Sistem imun adaptif, yang memerlukan perkembangan sel target dan antibodi,
sangat efektif melindungi manusia dari infeksi segera setelah sel efektor dan antibodi
diproduksi. Namun, sistemimun ini memerlukan waktu lama, dan replikasi dan
serangan bakteri terjadi dalam beberapa jam. Penemuan pada sistem imun bawaan
menjelaskan kemampuan organisme untuk memasang respon imun yang efektif dan
terarah terhadap mikroba sebelum sistem imun adaptif berperan (lihat Bab 10). Sistem
imun bawaan terdapat pada tanaman, invertebrata, dan vertebrata. Sistem ini
bergantung pada serangkaian “pola reseptor pengenalan” yang mengenali pola
molekuler patogen yang berhubungan yang tidak ada pada diri sendiri.10 Perlekatan
reseptor pola pengenalan pada patogen yang berhubungan menghasilkan opsonisasi
dan aktivasi sistem komplemen sebagaimana induksi jalur sinyal inflamasi. Proses ini
paling tidak melibatkan tiga pola pengenalan reseptor; (1) AMPs yang dibahas di
Peprida Antimikroba, (2) reseptor mirip Tol (TLRs), dan (3) sistem komplemen.

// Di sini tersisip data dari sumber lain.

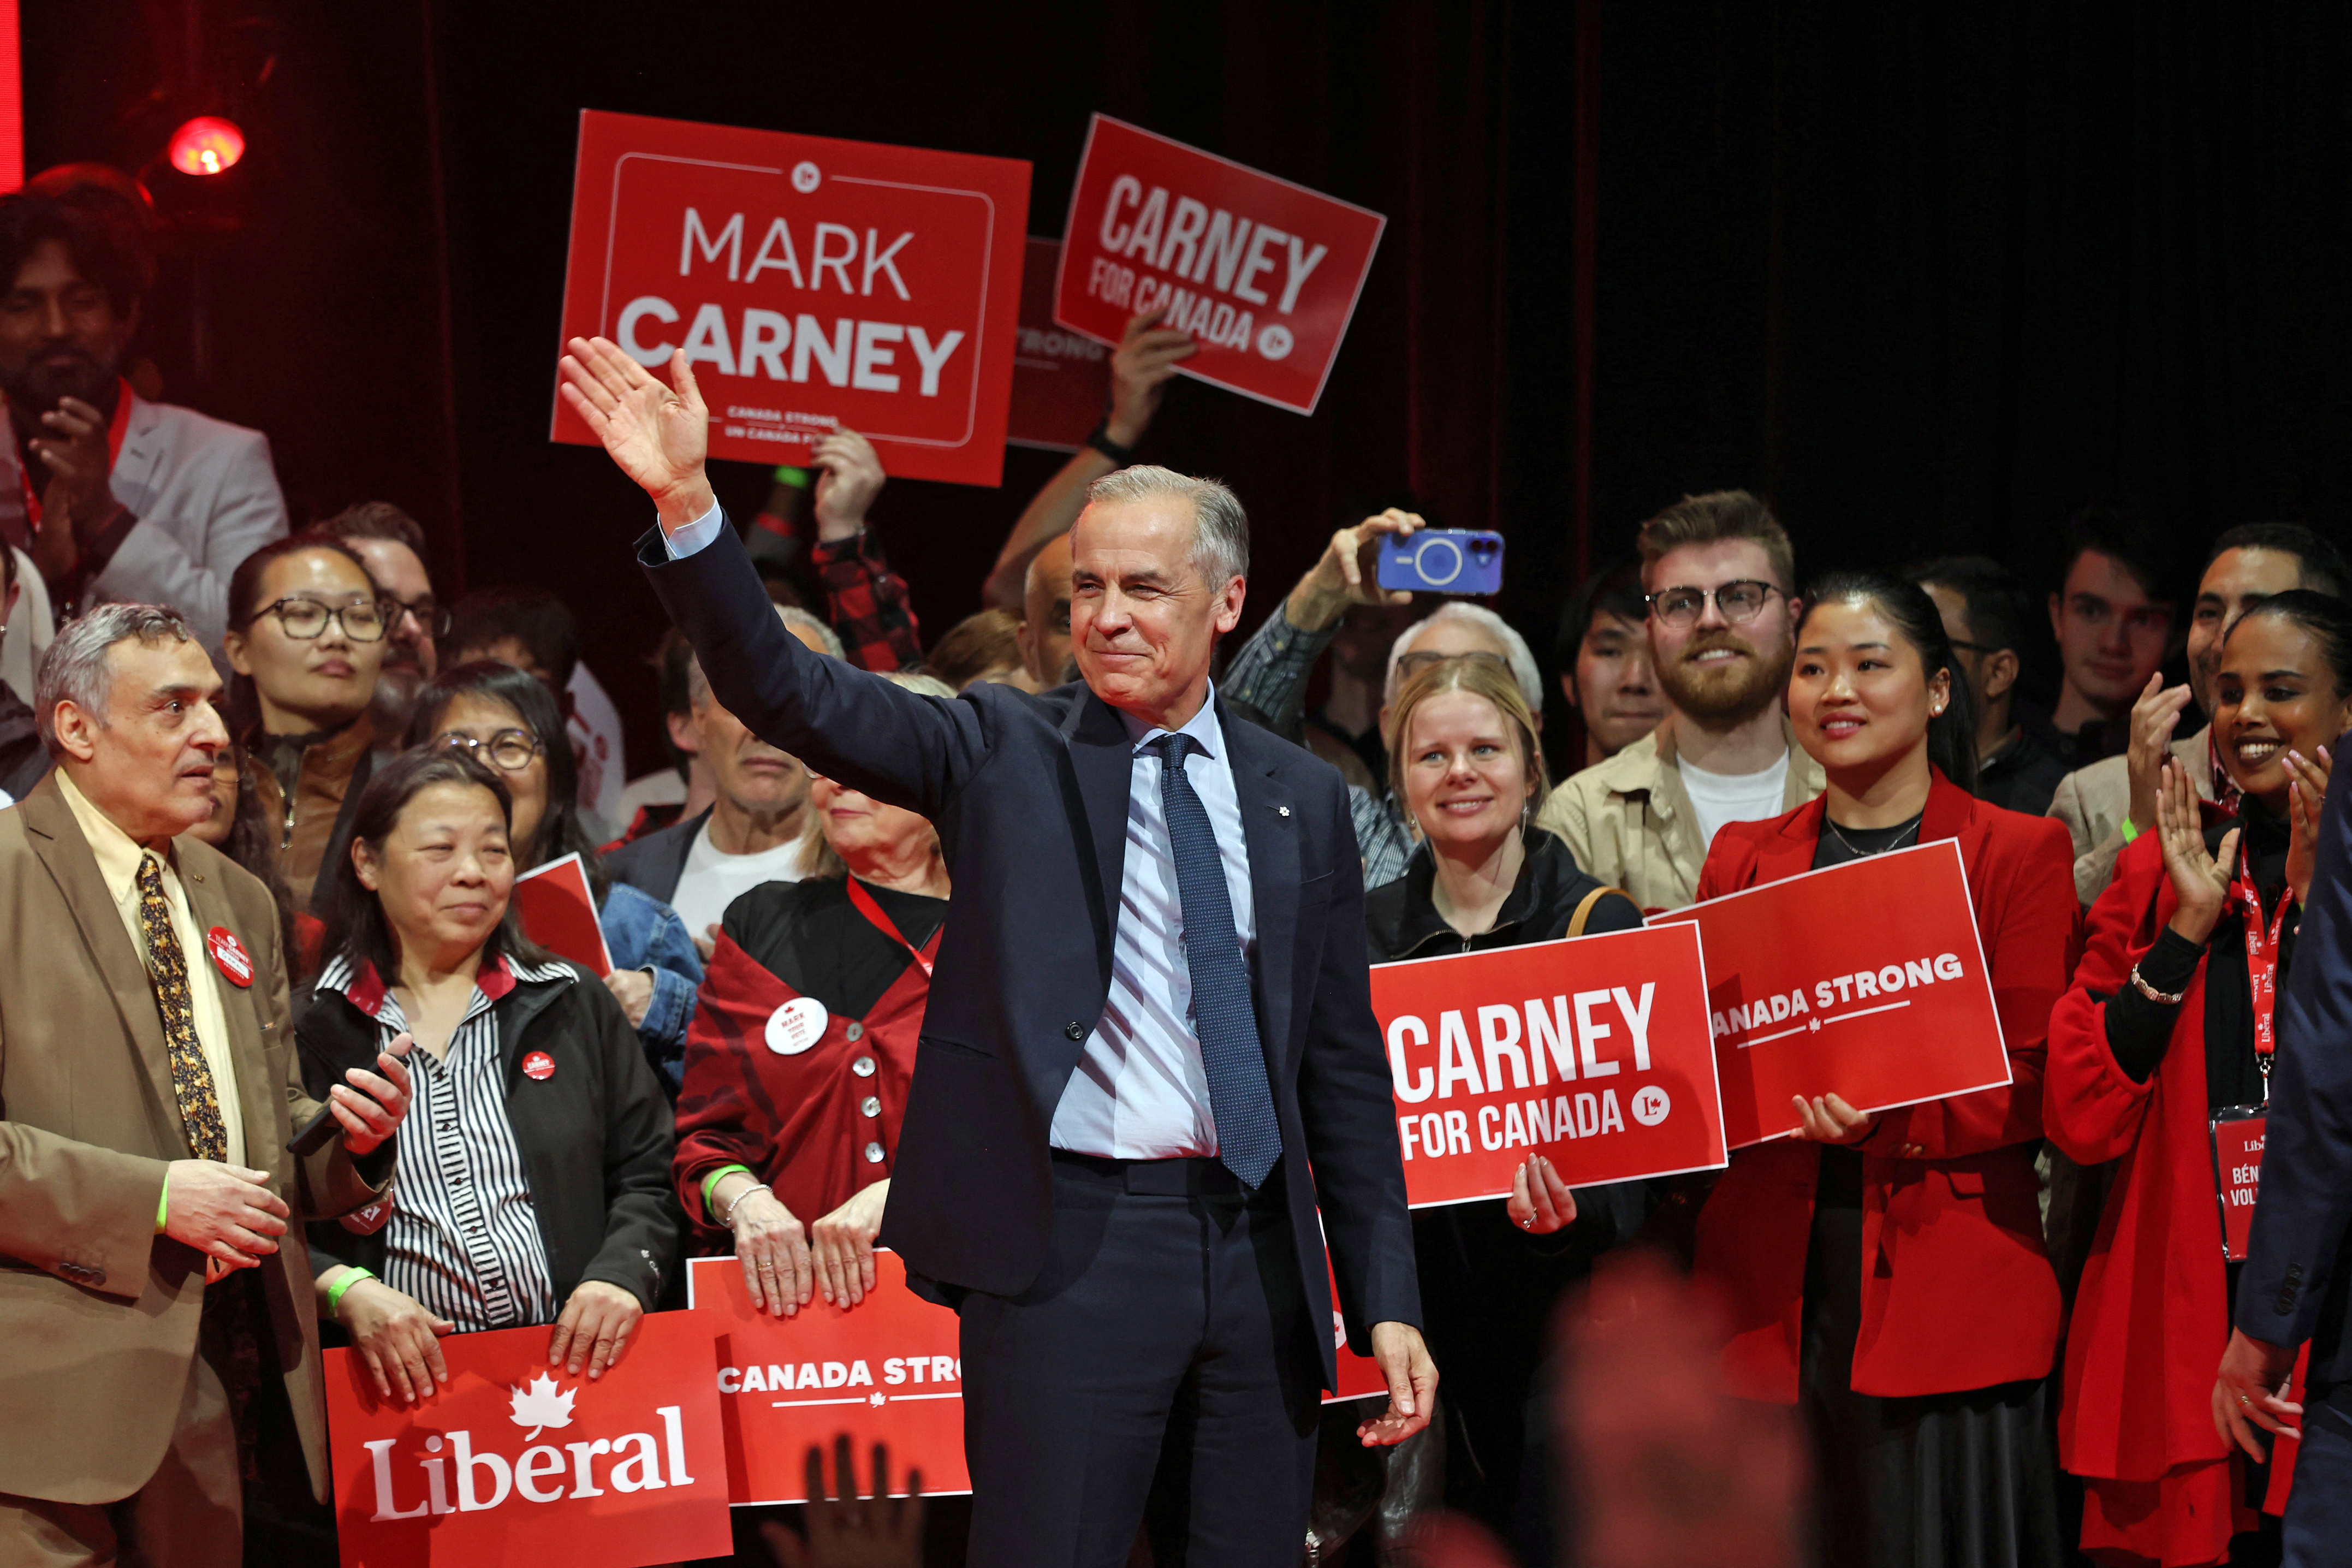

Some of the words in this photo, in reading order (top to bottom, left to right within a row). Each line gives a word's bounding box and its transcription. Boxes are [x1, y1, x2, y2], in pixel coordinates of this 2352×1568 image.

[680, 207, 914, 301] MARK
[1100, 175, 1328, 315] CARNEY
[1088, 257, 1136, 308] FOR
[1133, 276, 1254, 353] CANADA
[616, 295, 965, 397] CARNEY
[724, 425, 746, 437] UN
[746, 427, 800, 443] CANADA
[802, 432, 815, 444] P
[727, 405, 782, 421] CANADA
[785, 411, 839, 428] STRONG
[1713, 989, 1810, 1038] ANADA
[1815, 953, 1964, 1008] STRONG
[1387, 982, 1656, 1103] CARNEY
[1399, 1110, 1472, 1161] FOR
[1478, 1089, 1625, 1151] CANADA
[2230, 1187, 2258, 1207] VOL
[2232, 1163, 2259, 1185] BÉN
[718, 1359, 874, 1394] CANADA
[883, 1355, 962, 1385] STR
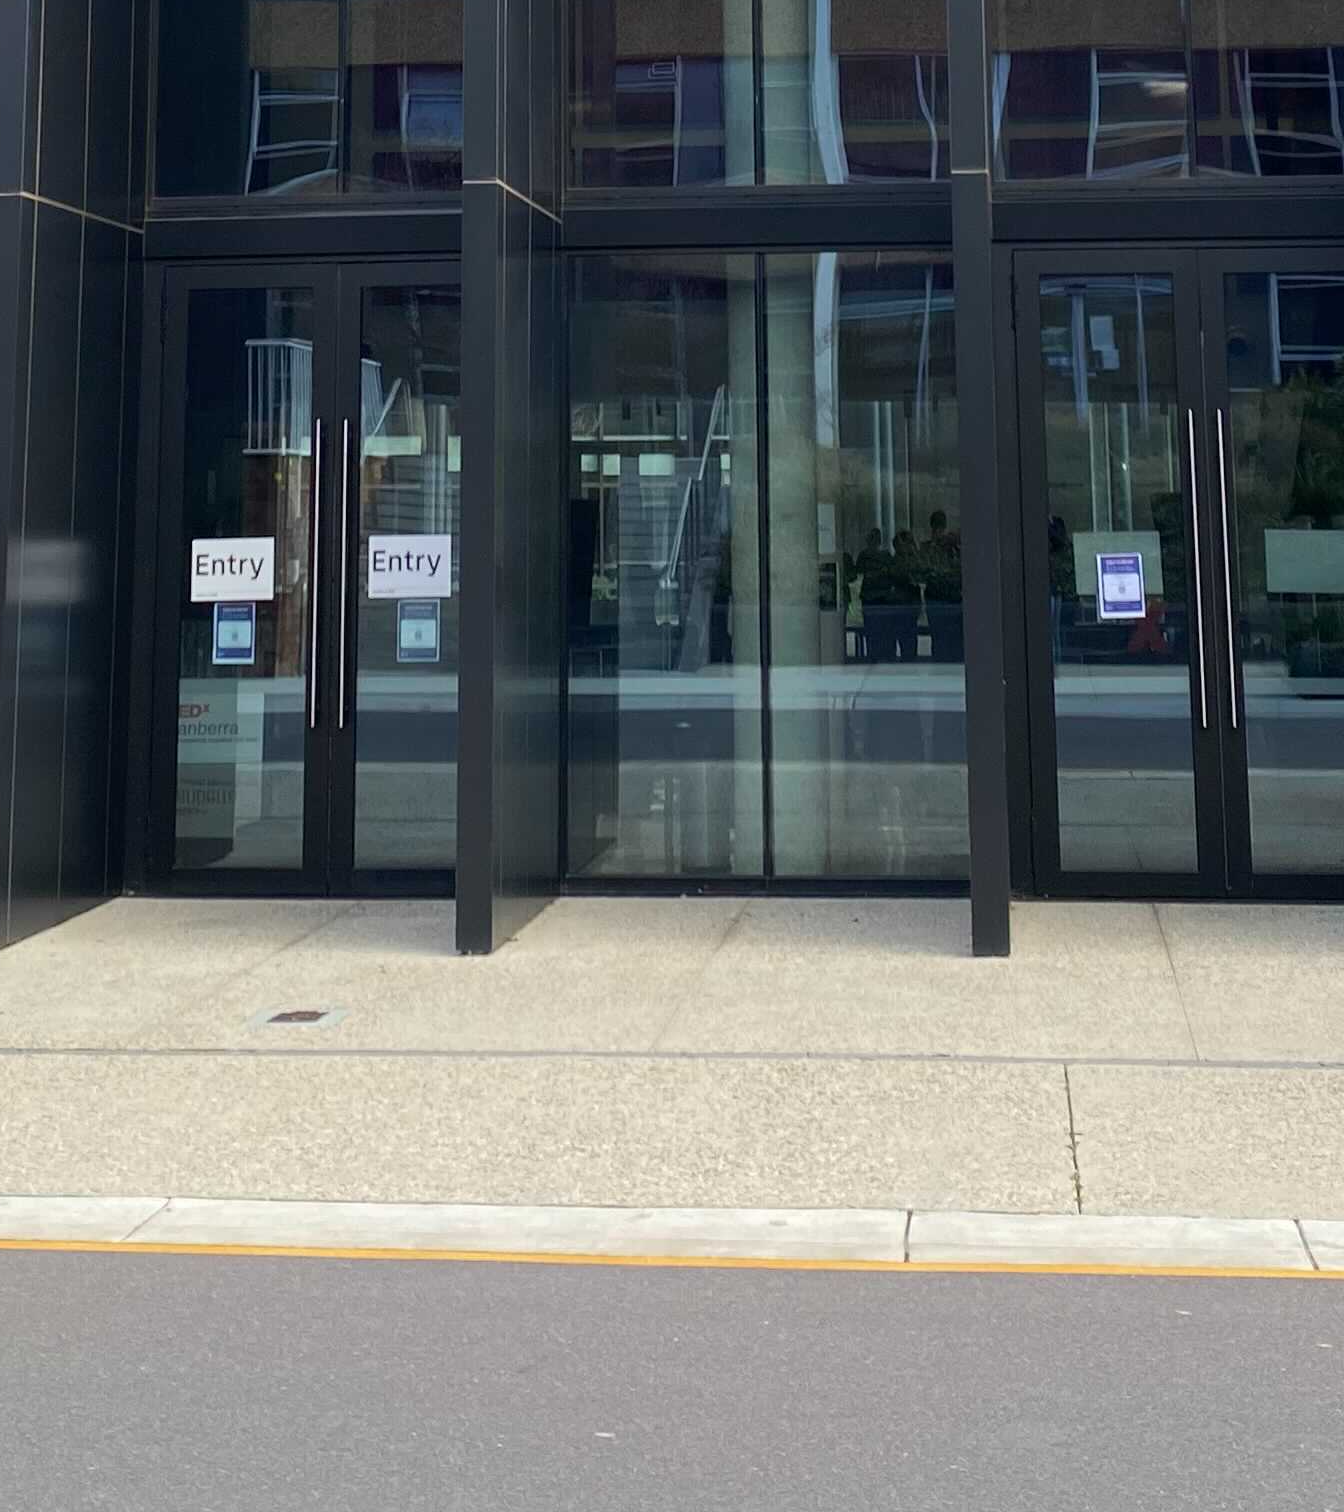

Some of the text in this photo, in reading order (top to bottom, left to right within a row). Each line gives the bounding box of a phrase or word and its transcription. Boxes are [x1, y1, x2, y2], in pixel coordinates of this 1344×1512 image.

[195, 554, 264, 580] Entry
[372, 550, 441, 577] Entry
[178, 703, 210, 719] EDx
[178, 722, 239, 736] anberra
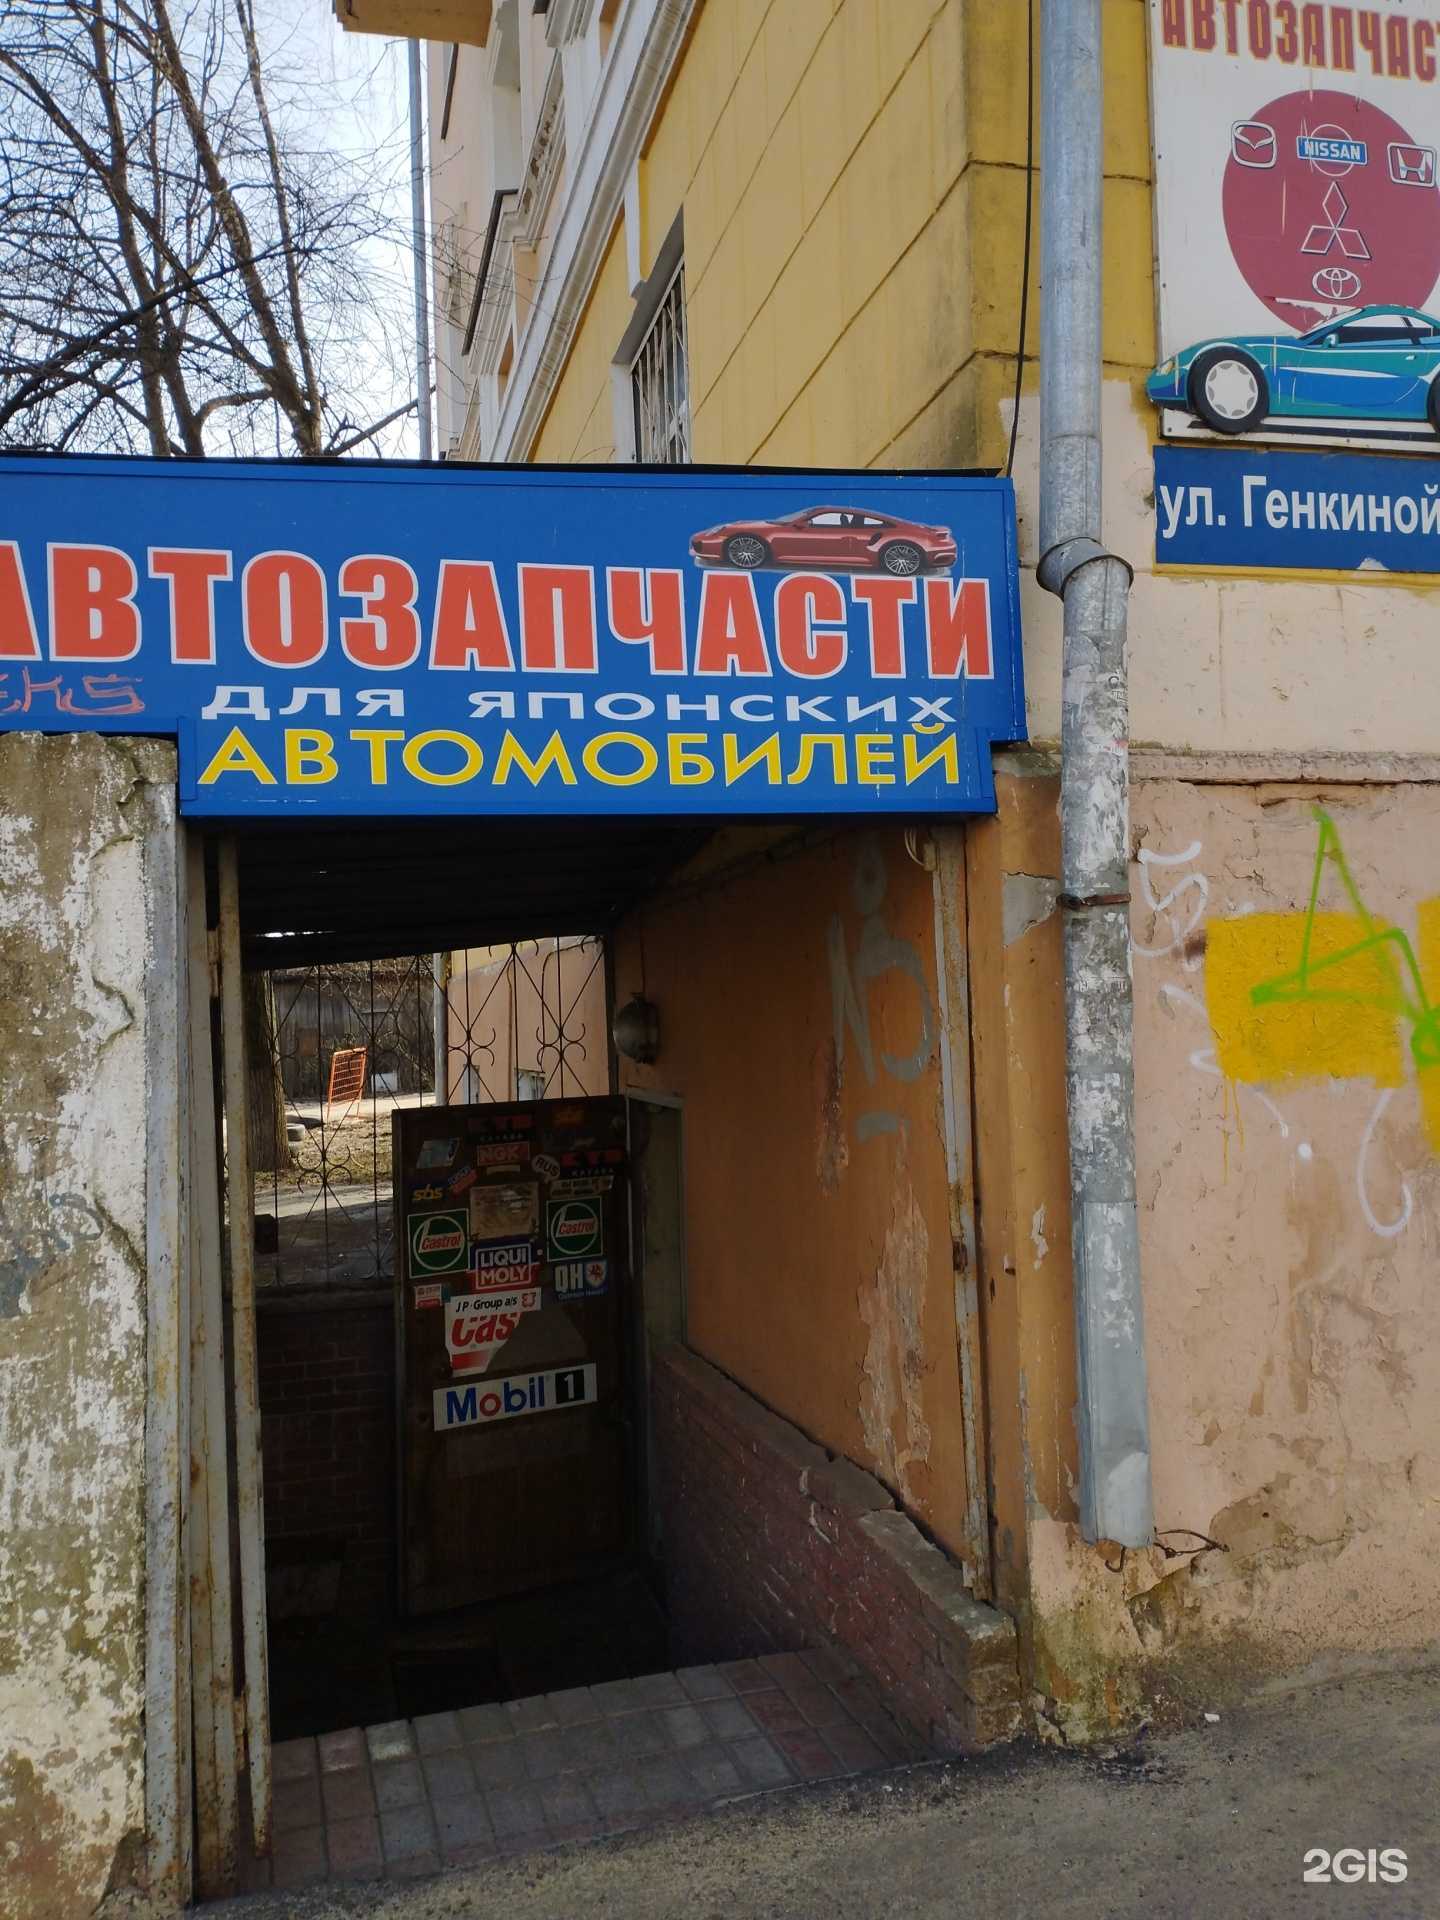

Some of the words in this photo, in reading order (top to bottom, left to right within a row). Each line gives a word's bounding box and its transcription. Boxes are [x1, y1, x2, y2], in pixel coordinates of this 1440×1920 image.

[1161, 0, 1440, 83] АВТОЗАПЧАС
[1304, 140, 1361, 161] NISSAN
[1159, 484, 1227, 539] ул.
[1242, 474, 1440, 535] Генкиной
[197, 722, 960, 788] АВТОМОБИЛЕЙ
[480, 1247, 527, 1267] LIQUI
[481, 1264, 530, 1286] MOLY
[473, 1298, 503, 1311] Group
[446, 1376, 545, 1425] Mobil
[563, 1373, 575, 1400] 1

Ketiga sistem ini dipicu yang oleh bakteri ketika mereka masuk kulit dan dengan
interkomunikasi dan sinyal netrofil serta sel imun yang lain, merupakan hal yang
penting dalam membawa sel yang diperlukan untuk menghancurkan patogen di
tempat infeksi.
TLRs adalah pengulangan dari pola pengenalan reseptor (lihat Bab 10).11
Terdapat pada membran sel dan mengenali ligan eksogen tertentu yang unik pada
mikroorganisme yang menyerang dan tidak ditemukan pada host. Mereka
memerankan peran utama sebagai sensor terhadap patogen penyerang. Sebagai misal,
TLR5 mengenali flagelin, unik pada bakteri breflagel, dan TLR2 mengenali
peptidoglikan pada permukaan bakteri Gram positif. Elemen struktural dari organisme
penyerang ini penting terhadap patogenesitasnya dan sulit untuk dihilangkan secara
evolusi. TLRs tidak hanya memicu penyerang namun juga mengorkestrasi tipe respon
imun yang dihasilkan untuk patogen spesifik. TLRs melakukan ini dengan
menginstruksikan antigen presenting cell yang telah memicu organisme untuk
mengeluarkan sitokin yang tepat untuk memicu mileu imunologis yang diinginkan
dan respon adaptif yang diperlukan (lihat Bab10). Jalur sinyal turun alternatif dapat
menghasilkan respon imun yang berbeda dari pemicu TLRs yang identik.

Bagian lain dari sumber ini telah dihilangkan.